石原さとみ主演のドラマ、木曜劇場「アンサング・シンデレラ 病院薬剤師の処方箋」。同枠では「グッド・ドクター」以来2年ぶりの視聴率二桁発進、初回の見逃し配信でもフジテレビ歴代1位となるなど好スタートを切った。その後視聴率としては大きく伸びることができていない本作だが、主人公の脇を固める女優、ゲスト出演の女優たちの熱演に「かっこいい」「演技力にぞくっとした」といった声が集まっている。

ストーリーを支える“名脇役女優”たち

病院内にある薬剤部で、主に患者の薬の調剤、製剤を行う“病院薬剤師”たちの知られざる舞台裏を描いた荒井ママレの漫画が原作。 “アンサング”とは「褒められない」という意味。病院薬剤師たちは、“縁の下の力持ち(=アンサングヒーロー)”として患者のために奮闘する、その女性薬剤師がヒロイン(=シンデレラ)の作品だ。

日本の連続ドラマ史上初めて病院薬剤師にスポットが当てられるということでも放送前から話題になっていた本作。主演の石原、田中圭や成田凌らイケメン俳優、新人役には「あなたの番です」で怪演を見せた西野七瀬、薬剤部部長役には毎年「理想の上司」ランキングに名を連ねる真矢ミキといった注目を集めやすい俳優が名を連ねており盤石の布陣だったのではないだろうか。

放送が進んでいくとリアリティーの有無や主人公の言動などについて視聴者には賛否両論の意見が上がっていた中、本作のストーリーを支えていた“名脇役女優”たちに心を動かされる場面が多くあった。医療ドラマのように劇的にドラマティックなストーリー展開や手術シーンがない分、心情の機微を捉えたキャラクターの魅力が軸となっていたと言える。

主人公の背中を押す“ツンツン”上司

【写真を見る】“ツンツン”な薬剤部主任役を好演した桜井ユキ
第8話より (C)フジテレビ

その筆頭に挙げたいのは、薬剤部主任役の桜井ユキ。「だから私は推しました」(2019年7月期、NHK)では地下アイドルの“女ヲタ”役で主演、「G線上のあなたと私」(2019年10月期、TBS系)ではバイオリン教室の講師を熱演した桜井は、今作では効率的に仕事をこなすクールさで少し怖い印象もある役どころ。

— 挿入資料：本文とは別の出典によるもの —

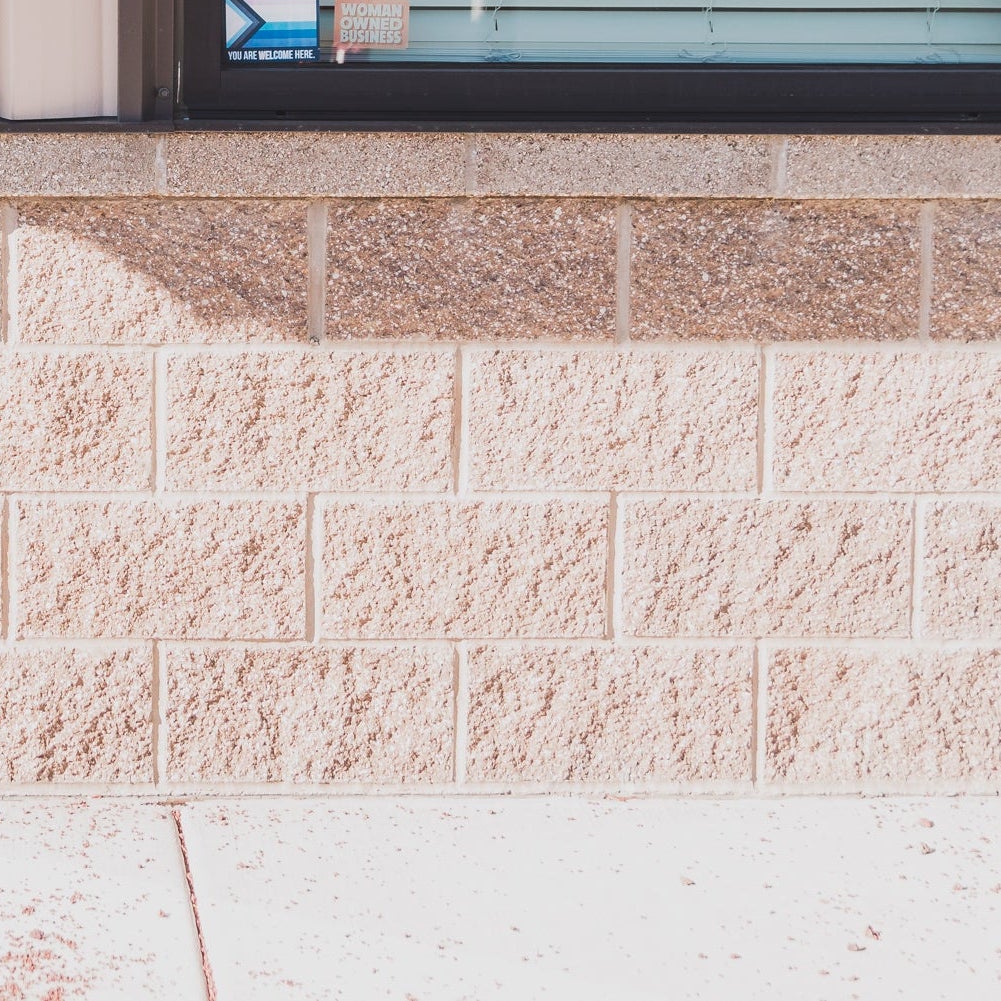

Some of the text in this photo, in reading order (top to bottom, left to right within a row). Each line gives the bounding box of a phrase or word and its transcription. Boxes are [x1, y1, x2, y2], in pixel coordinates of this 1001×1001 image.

そんな彼女は、同僚に「むだに熱い」などズバッと言うが、無茶をしがちな主人公の背中をぶっきらぼうに押す静かな熱さを持ち、さりげなくガッツポーズ…その冷たさと熱さのギャップに惹きつけられる。

自身の役柄について撮影前に、「撮影が始まれば自然に仕上がっていくと思っているので、現時点で“こうしよう、ああしよう”とは考えていません。ただ、原作と台本で描かれている刈谷の仕事に対する一本筋の通った姿勢は自分の中で意識して演じていこうと思います」と語っていたが、実際桜井は過去作も含め芯のある役で魅了する目力があるのだ。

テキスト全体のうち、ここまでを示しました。